Le sezioni regionali di Cgil, Cisl e Uil commentano il documento approvato dal Consiglio dei Ministri
Riceviamo e pubblichiamo
Il 18 novembre , il Consiglio dei Ministri ha approvato la "proposta preliminare" per l’approvazione di un nuovo Testo Unico in materia di salute e sicurezza sul lavoro.
CGIL CISL UIL della Lombardia, nel ritenere che la proposta del Governo contenga modifiche peggiorative e assolutamente inaccettabili rispetto alla normativa vigente e che non siano state accolte le richieste espresse da CGIL CISL UIL e le proposte della Commissione Smuraglia, rivendicano rilevanti modifiche alla "proposta preliminare" del Governo, di rendere pubbliche le negative conseguenze per la salute e la sicurezza sul lavoro, di presentare proposte di modifica dei contenuti e di chiedere al Parlamento e alle Regioni di sostenere le proposte di modifica.
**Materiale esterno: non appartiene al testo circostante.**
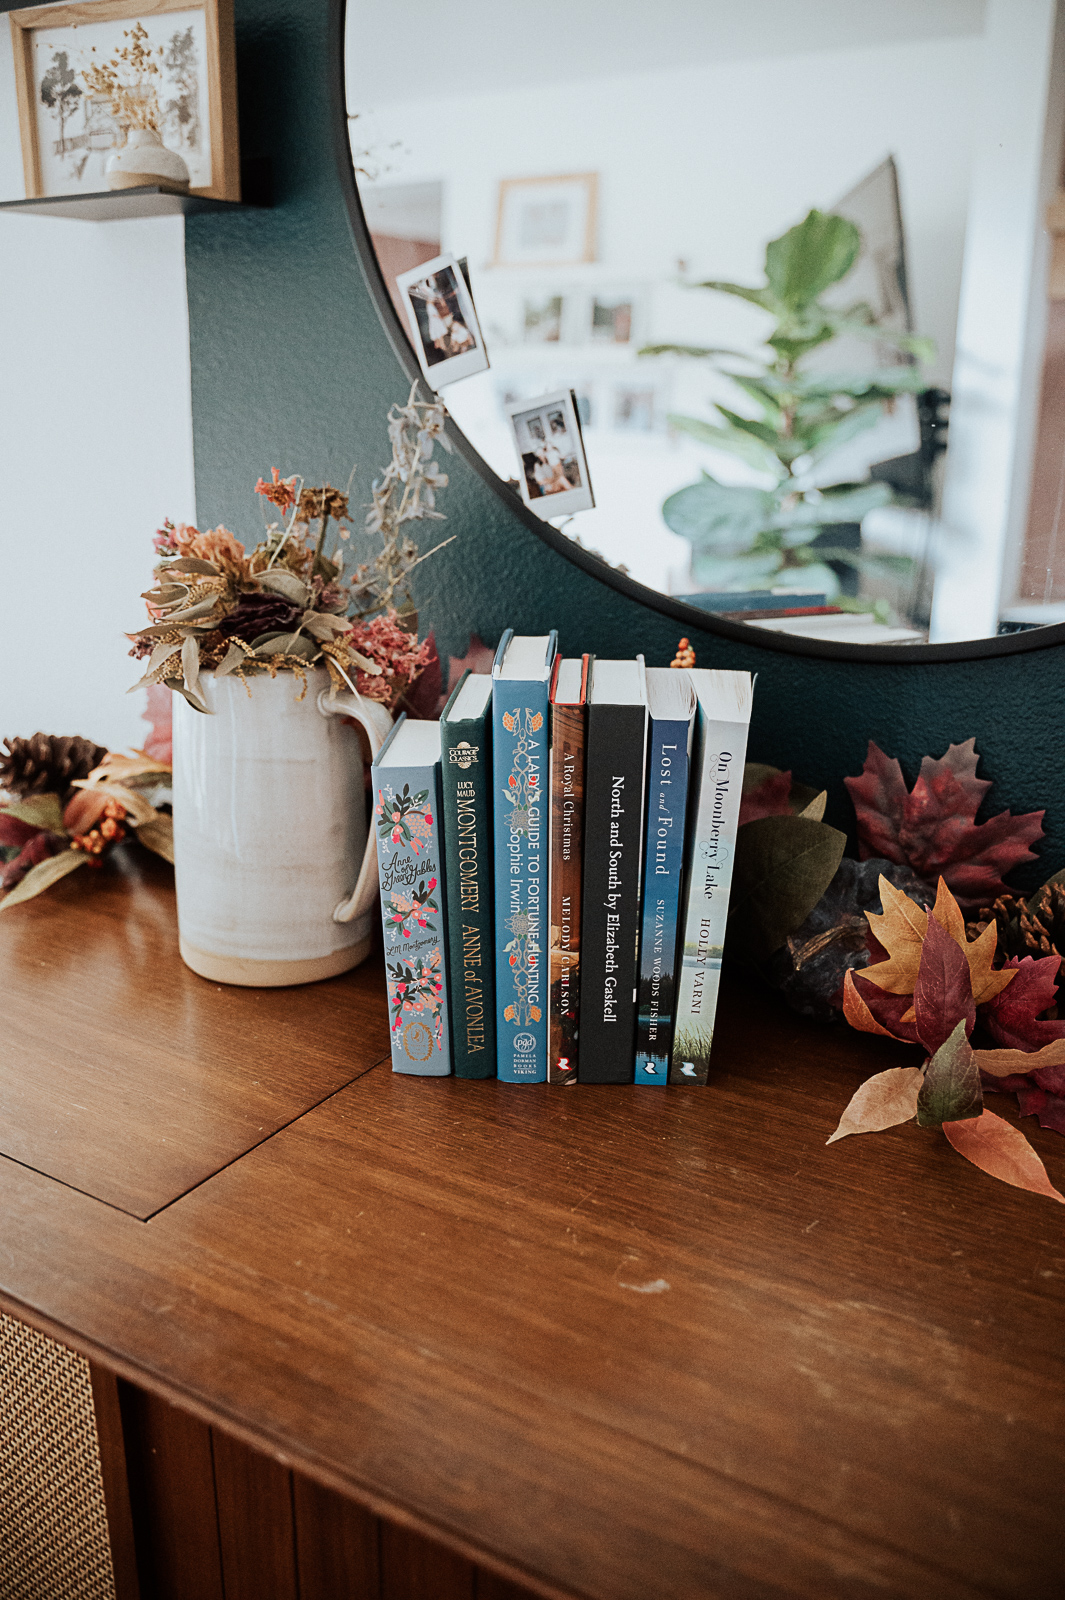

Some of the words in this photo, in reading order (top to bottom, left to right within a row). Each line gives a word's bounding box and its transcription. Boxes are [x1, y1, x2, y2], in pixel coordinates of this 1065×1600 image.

[528, 739, 540, 750] A
[564, 752, 575, 761] A
[660, 744, 677, 785] Lost
[717, 751, 732, 772] On
[456, 789, 476, 797] MAUD
[457, 781, 474, 789] LUCY
[528, 755, 540, 802] LADY'S
[561, 765, 575, 797] Royal
[610, 776, 625, 818] North
[658, 792, 670, 813] and
[705, 779, 730, 861] Moonberry
[527, 807, 540, 849] GUIDE
[562, 801, 575, 861] Christmas
[609, 822, 624, 847] and
[655, 817, 673, 875] Found
[381, 851, 412, 873] Anne
[400, 863, 410, 875] of
[457, 799, 480, 912] MONTGOMERY
[507, 827, 524, 875] Sophie
[527, 855, 540, 873] TO
[608, 850, 622, 890] South
[381, 870, 408, 892] Green
[401, 858, 437, 886] Gables
[704, 865, 720, 900] Lake
[510, 879, 524, 913] Irwin
[604, 894, 622, 910] by
[527, 877, 540, 1003] FORTUNE-HUNTING
[561, 896, 571, 950] MELODY
[654, 900, 665, 954] SUZANNE
[696, 918, 711, 966] HOLLY
[402, 935, 441, 952] Montgomery
[462, 924, 482, 968] ANNE
[605, 914, 621, 973] Elizabeth
[464, 970, 483, 983] of
[560, 956, 570, 1015] CARLSON
[651, 957, 662, 997] WOODS
[690, 971, 705, 1014] VARNI
[465, 985, 485, 1054] AVONLEA
[603, 977, 618, 1022] Gaskell
[648, 1001, 659, 1041] FISHER
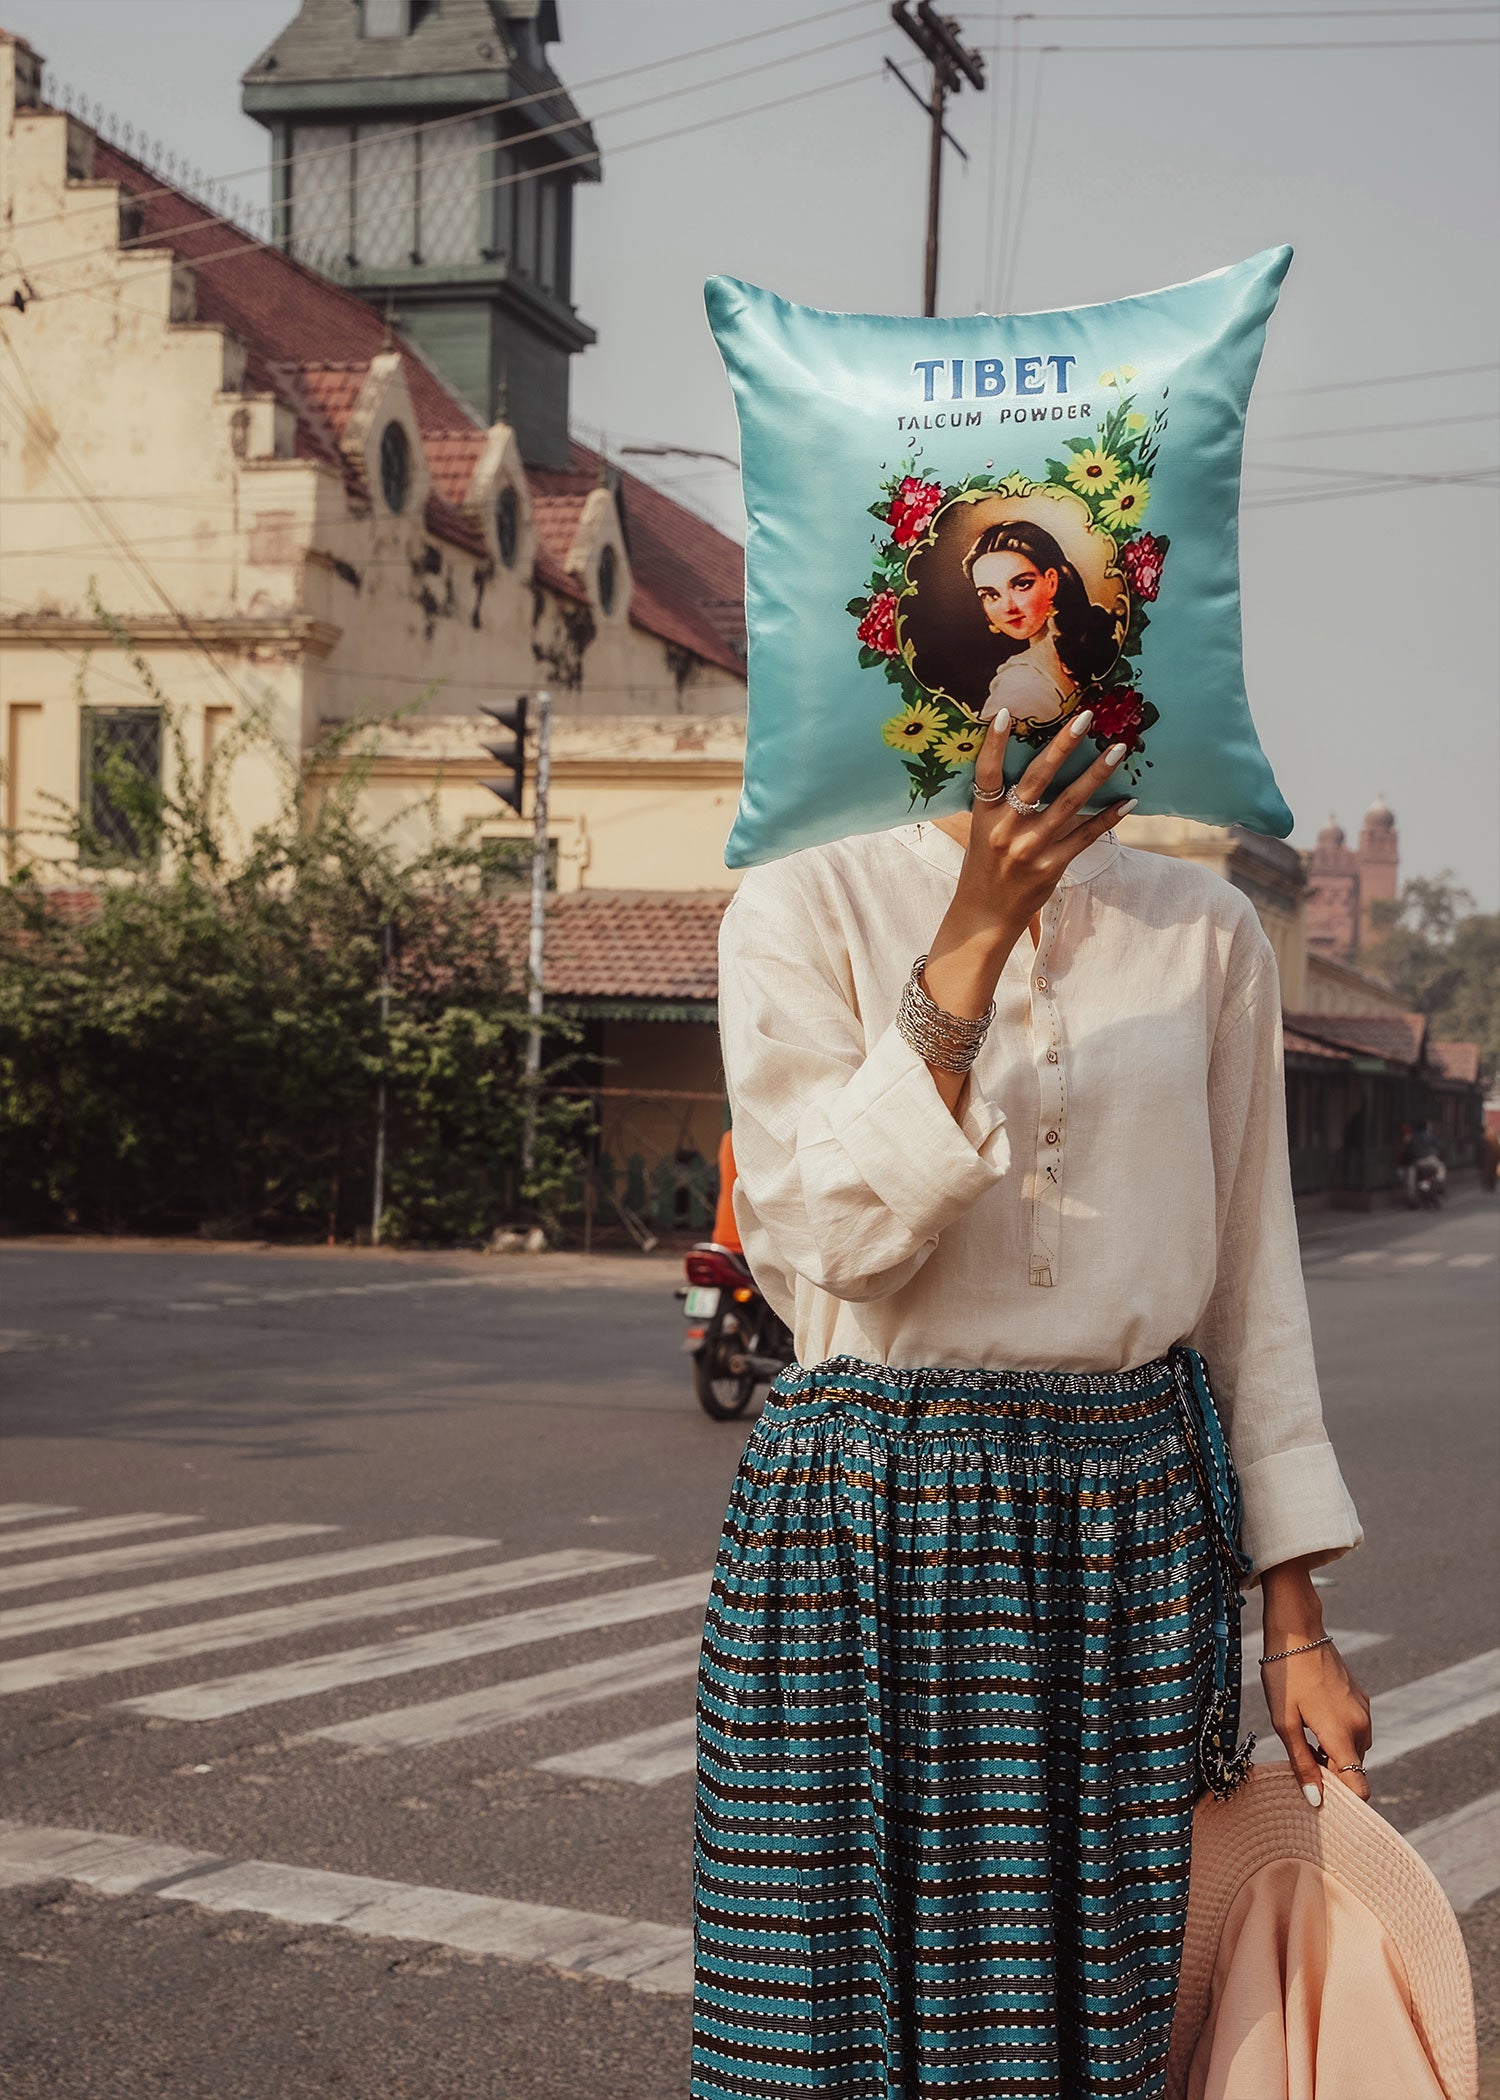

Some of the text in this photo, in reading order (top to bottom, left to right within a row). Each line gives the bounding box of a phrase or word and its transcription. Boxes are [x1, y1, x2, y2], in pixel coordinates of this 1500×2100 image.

[913, 355, 1077, 402] TIBET
[897, 403, 1091, 431] TALCUM POWDER
Le misure proposte risultano anche in forte contraddizione con le stesse direttive europee; nel merito evidenziamo:
– le riduzione delle misure generali di prevenzione, in particolare con l’obbligo di adeguare le misure di prevenzione alla fattibilità tecnologica
– la trasformazione di molti decreti in norme di buona tecnica, con la conseguente eliminazione delle sanzioni penali per le imprese
– la riduzione dei diritti dei Rappresentanti dei Lavoratori per la Sicurezza (RLS), tra i primi la cancellazione dei diritto di consegna del documento di valutazione dei rischi e di libero accesso ai luoghi di lavoro
– l’eliminazione di molti obblighi di valutazione dei rischi e delle modalità di adempimento (con l’innalzamento di soglie di numero di lavoratori da 10 fino a 50 o 100)
– il non computo di alcune categorie di lavoratori per la determinazione del totale dei lavoratori da cui discendono obblighi per il datore di lavoro
– la riduzione dei casi in cui è obbligatoria la sorveglianza sanitaria
– la riduzione delle sanzioni penali e la re-introduzione dell’istituto della disposizione.
Conseguentemente, CGIL CISL UIL della Lombardia si impegnano sin d’ora a perseguire tutte le vie possibili per costruire consapevolezza e impegno dei lavoratori e dei cittadini, e ad aprire il confronto con la Regione e le istituzioni perché si facciano carico di rendere sicuri i luoghi di lavoro.
A tale scopo sarà predisposta una grande iniziativa pubblica che vedrà coinvolti i Rappresentanti dei lavoratori alla sicurezza, le istituzioni e la Regione, per promuovere la modifica e il conseguente miglioramento del Testo Unico.
Su questi temi chiamiamo alla mobilitazione tutto il mondo del lavoro per affermare il diritto al "lavoro sicuro".